Constraints and solutions 

Using measurement devices on moving conveyor belts generates a variety of constraints.  The first concerns managing the weight (about 4 kg) and bulk of the measurement device.  To achieve this, it is necessary to use light materials (PVC and aluminium) and also to optimise the positioning of devices within the system. Another constraint is the energy autonomy of each measurement device.  Indeed, it is necessary to record environmental data independently over a time step that is sufficiently long not to require recharging of the batteries and thus immobilisation of the system.  Arnaud Coffin has obviated this problem by using battery-charged components that use little energy.
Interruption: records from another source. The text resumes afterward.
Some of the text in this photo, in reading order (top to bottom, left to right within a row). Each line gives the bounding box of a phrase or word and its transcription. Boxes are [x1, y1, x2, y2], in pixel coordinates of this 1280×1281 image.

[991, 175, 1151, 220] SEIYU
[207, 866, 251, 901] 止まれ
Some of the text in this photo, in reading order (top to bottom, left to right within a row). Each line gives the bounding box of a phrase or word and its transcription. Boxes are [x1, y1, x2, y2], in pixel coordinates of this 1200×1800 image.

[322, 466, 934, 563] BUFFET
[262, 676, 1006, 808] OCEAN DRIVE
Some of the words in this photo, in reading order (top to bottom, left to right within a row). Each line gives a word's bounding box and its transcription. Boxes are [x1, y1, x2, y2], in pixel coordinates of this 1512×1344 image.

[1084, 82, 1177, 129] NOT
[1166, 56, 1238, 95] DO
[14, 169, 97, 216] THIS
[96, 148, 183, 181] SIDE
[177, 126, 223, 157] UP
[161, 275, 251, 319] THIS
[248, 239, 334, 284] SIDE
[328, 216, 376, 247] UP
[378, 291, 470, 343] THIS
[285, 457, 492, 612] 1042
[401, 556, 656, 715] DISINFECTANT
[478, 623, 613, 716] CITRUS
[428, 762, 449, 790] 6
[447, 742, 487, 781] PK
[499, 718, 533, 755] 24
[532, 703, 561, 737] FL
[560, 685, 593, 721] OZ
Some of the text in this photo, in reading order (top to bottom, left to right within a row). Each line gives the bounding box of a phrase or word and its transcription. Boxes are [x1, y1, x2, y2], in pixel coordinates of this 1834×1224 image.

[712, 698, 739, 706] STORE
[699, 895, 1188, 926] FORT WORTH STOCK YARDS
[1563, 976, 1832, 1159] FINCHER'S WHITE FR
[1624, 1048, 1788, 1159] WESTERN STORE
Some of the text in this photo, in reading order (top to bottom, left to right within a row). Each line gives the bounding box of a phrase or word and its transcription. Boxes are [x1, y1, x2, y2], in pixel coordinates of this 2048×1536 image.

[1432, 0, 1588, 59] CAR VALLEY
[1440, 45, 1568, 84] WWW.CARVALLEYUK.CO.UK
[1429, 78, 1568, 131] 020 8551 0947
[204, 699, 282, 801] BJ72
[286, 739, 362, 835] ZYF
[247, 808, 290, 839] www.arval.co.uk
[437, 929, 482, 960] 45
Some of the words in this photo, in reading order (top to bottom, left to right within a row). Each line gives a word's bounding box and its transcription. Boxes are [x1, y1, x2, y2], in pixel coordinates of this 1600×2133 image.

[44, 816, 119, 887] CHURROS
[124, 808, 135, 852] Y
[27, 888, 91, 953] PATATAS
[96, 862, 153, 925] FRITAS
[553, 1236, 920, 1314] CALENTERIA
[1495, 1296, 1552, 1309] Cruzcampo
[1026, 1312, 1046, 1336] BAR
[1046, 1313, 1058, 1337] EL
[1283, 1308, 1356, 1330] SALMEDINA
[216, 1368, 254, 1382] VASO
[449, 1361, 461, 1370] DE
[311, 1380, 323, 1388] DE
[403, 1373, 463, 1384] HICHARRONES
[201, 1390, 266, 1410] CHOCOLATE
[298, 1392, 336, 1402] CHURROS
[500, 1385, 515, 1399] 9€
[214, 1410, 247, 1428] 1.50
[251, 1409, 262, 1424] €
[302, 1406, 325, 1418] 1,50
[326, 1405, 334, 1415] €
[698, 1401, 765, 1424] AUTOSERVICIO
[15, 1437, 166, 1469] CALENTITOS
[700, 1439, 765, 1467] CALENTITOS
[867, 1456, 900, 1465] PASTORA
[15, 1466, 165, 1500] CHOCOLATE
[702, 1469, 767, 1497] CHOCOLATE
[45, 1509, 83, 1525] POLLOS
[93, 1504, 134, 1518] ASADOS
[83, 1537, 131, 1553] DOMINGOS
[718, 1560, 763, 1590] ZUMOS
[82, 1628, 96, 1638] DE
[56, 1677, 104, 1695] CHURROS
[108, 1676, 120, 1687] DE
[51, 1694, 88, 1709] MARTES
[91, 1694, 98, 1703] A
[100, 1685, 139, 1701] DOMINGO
The most important constraint is to be able to connect the data loggers without having to remove them from the conveyor belts.  The solution found by Arnaud Coffin was a radio module.  He has taken account of the size and number of cultivation units by constructing four devices, which are called Sensor Pots.

 

Sensor Pots, an innovative system 

Strongly motivated by the development of a prototype that would enable the automation of measurements, Arnaud Coffin worked with Campbell Scientific to produce the Sensor Pots, as this company's products would provide him with an appropriate technological solution.  Each device consists in a data logger (CR1000), a temperature and relative humidity sensor (CS215) and a radiation sensor (quantum sensor PAR-SKP215).  Because plant heights may vary, the sensors are fixed on an adjustable bracket.  Data are collected and recorded on a computer via a radio module (RF-416).  Arnaud Coffin has designed the data acquisition program so as to optimise both the number of measurements each day and the electrical consumption of the system.  He has also defined the  radio connection protocol for each of the devices.

  

The Campbell Scientific Innovation Prize

Founded in 1974 and based in Logan, Utah (USA), Campbell Scientific specialises in the manufacture of data acquisition instrumentation for agricultural research, and the control of environmental, hydrological and meteorological parameters.  Campbell Scientific France was set up in 1993, and its 20th anniversary will be marked by the award of its Innovation Prize to Arnaud Coffin in the presence of Paul Campbell, President of the Campbell Scientific Group, and Christophe Salon, Scientific Director of the PPHD.